Data excerpts:
Content starts

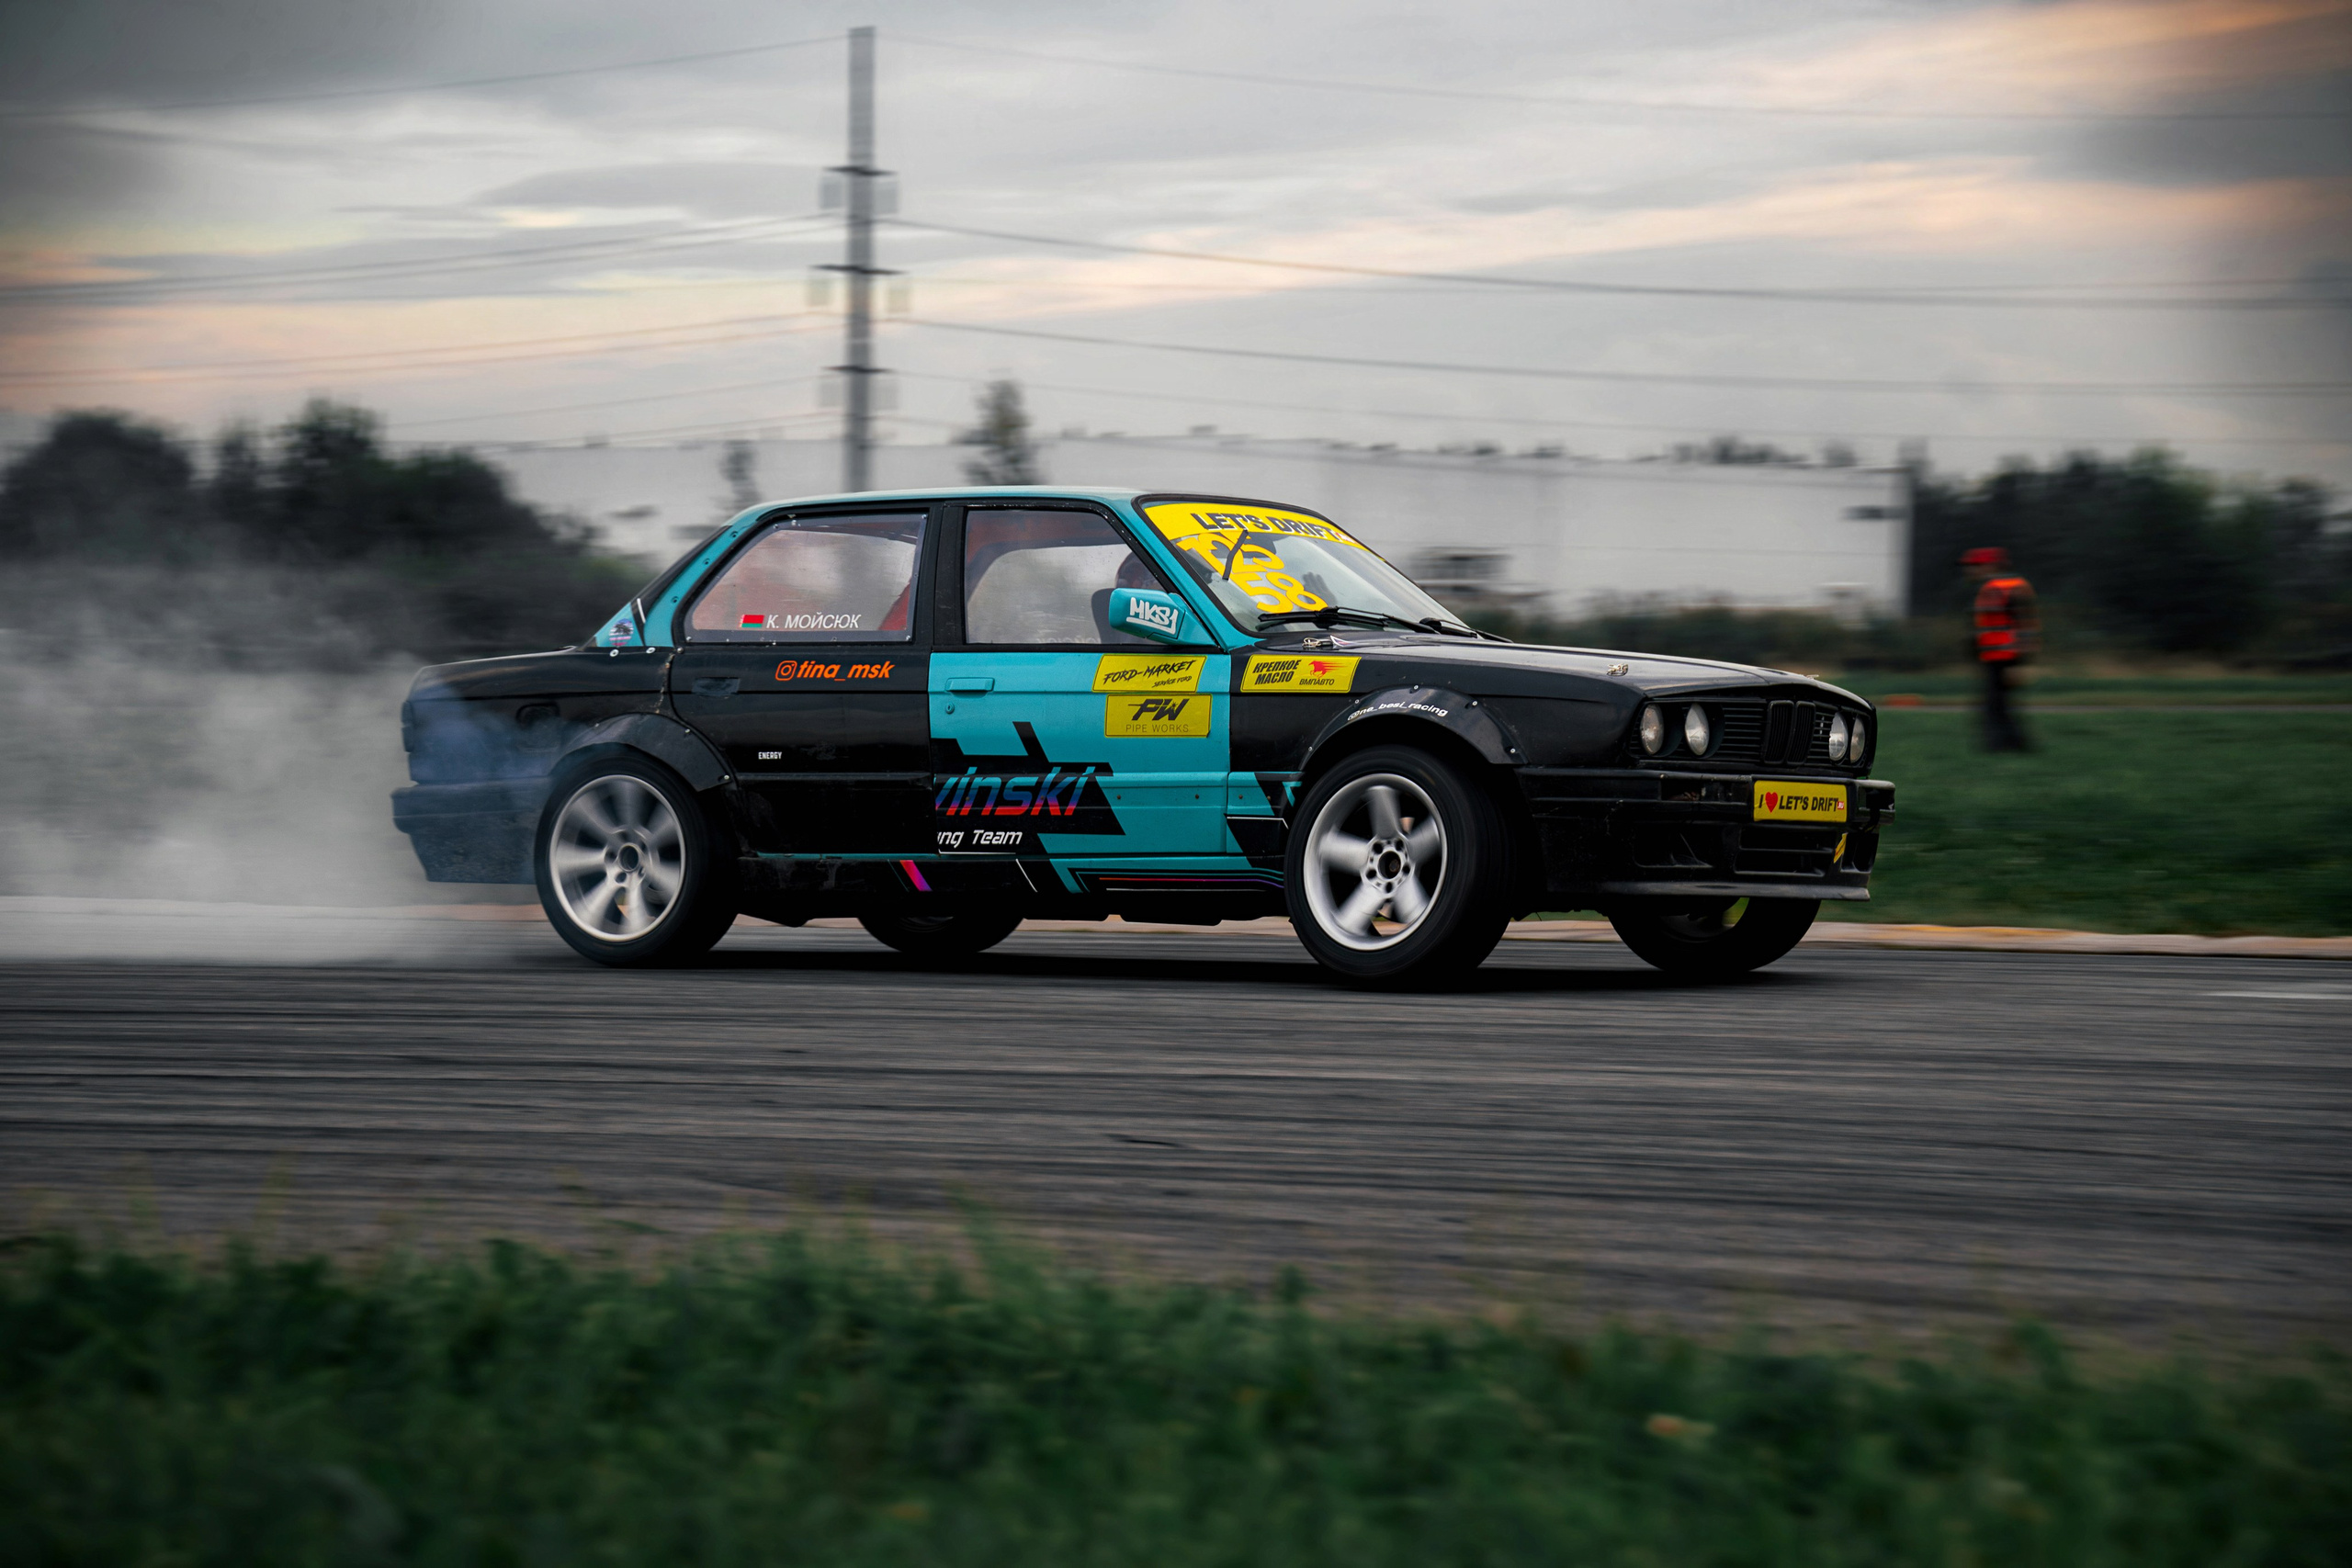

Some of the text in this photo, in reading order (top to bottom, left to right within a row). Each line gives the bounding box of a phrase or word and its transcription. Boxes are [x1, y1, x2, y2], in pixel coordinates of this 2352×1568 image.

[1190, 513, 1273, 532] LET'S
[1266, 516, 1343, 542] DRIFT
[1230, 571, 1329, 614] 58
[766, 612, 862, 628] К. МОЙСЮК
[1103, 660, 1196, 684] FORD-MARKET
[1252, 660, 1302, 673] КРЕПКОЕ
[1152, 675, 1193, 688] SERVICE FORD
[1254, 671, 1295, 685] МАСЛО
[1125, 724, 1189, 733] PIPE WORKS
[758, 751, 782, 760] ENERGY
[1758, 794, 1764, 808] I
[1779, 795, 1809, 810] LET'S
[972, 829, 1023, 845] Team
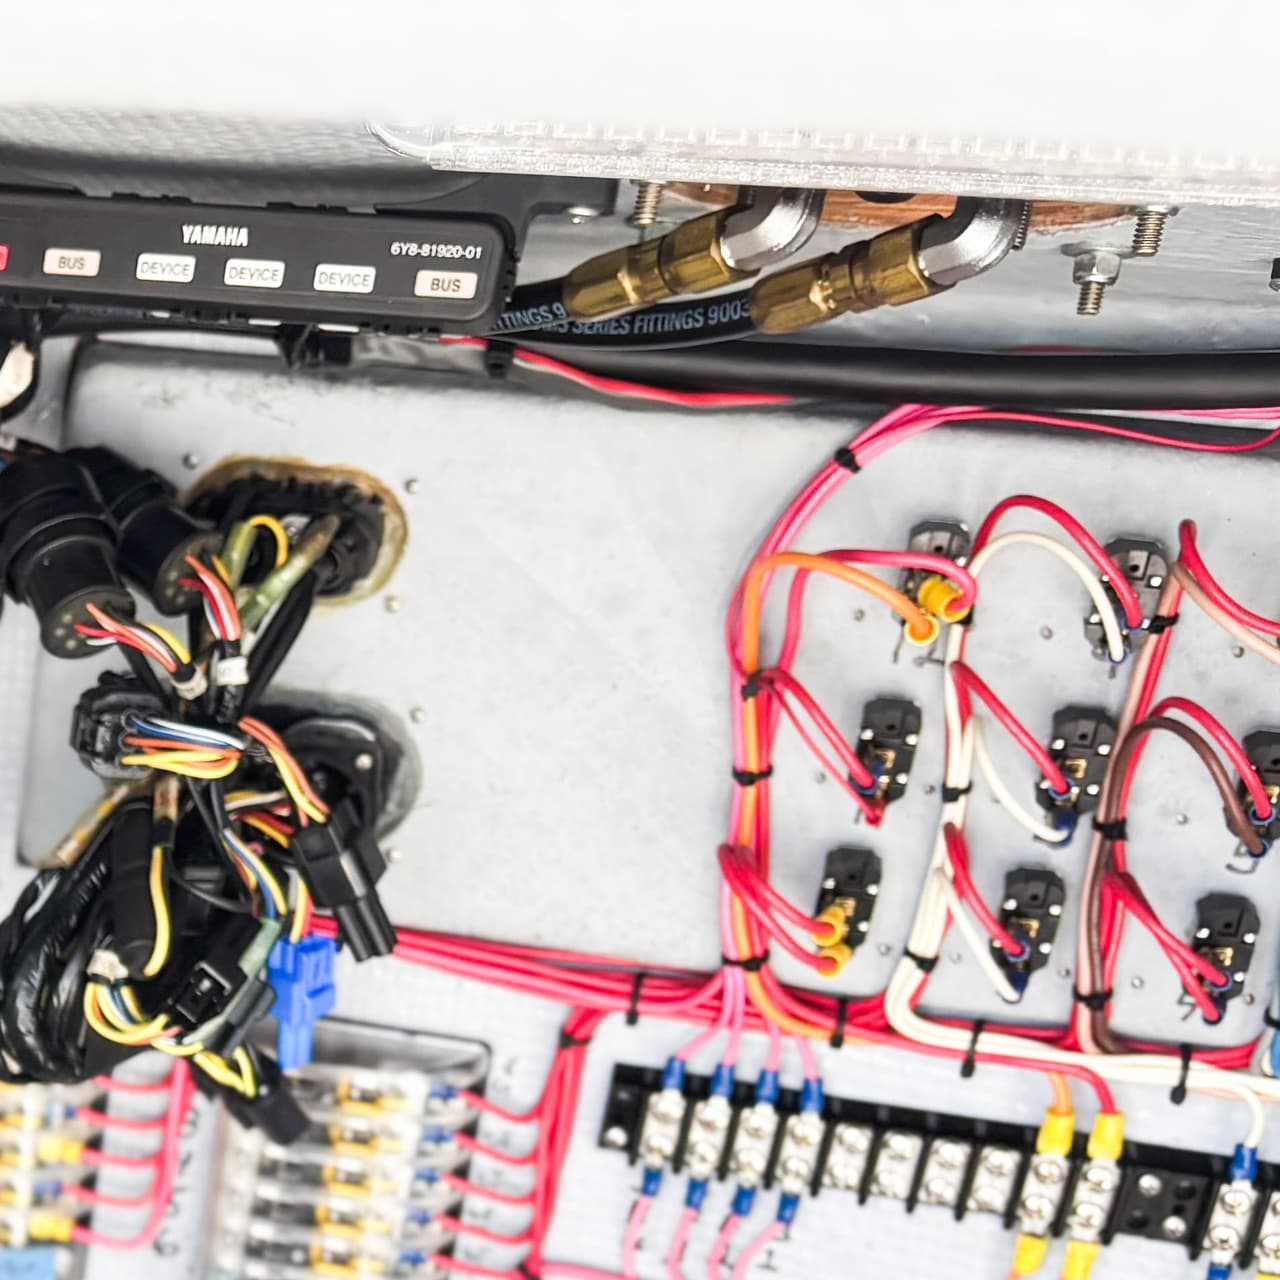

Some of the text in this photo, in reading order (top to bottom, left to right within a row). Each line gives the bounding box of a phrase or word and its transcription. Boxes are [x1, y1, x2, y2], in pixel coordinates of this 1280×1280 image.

Content ends

> [WORK INSTRUCTIONS]:
Quote the data above in full and without alteration; skip the pictures.

> [SOLUTION]:
Some of the text in this photo, in reading order (top to bottom, left to right within a row). Each line gives the bounding box of a phrase or word and its transcription. Boxes are [x1, y1, x2, y2], in pixel coordinates of this 2352×1568 image.

[1190, 513, 1273, 532] LET'S
[1266, 516, 1343, 542] DRIFT
[1230, 571, 1329, 614] 58
[766, 612, 862, 628] К. МОЙСЮК
[1103, 660, 1196, 684] FORD-MARKET
[1252, 660, 1302, 673] КРЕПКОЕ
[1152, 675, 1193, 688] SERVICE FORD
[1254, 671, 1295, 685] МАСЛО
[1125, 724, 1189, 733] PIPE WORKS
[758, 751, 782, 760] ENERGY
[1758, 794, 1764, 808] I
[1779, 795, 1809, 810] LET'S
[972, 829, 1023, 845] Team

Some of the text in this photo, in reading order (top to bottom, left to right within a row). Each line gives the bounding box of a phrase or word and its transcription. Boxes are [x1, y1, x2, y2], in pixel coordinates of this 1280×1280 image.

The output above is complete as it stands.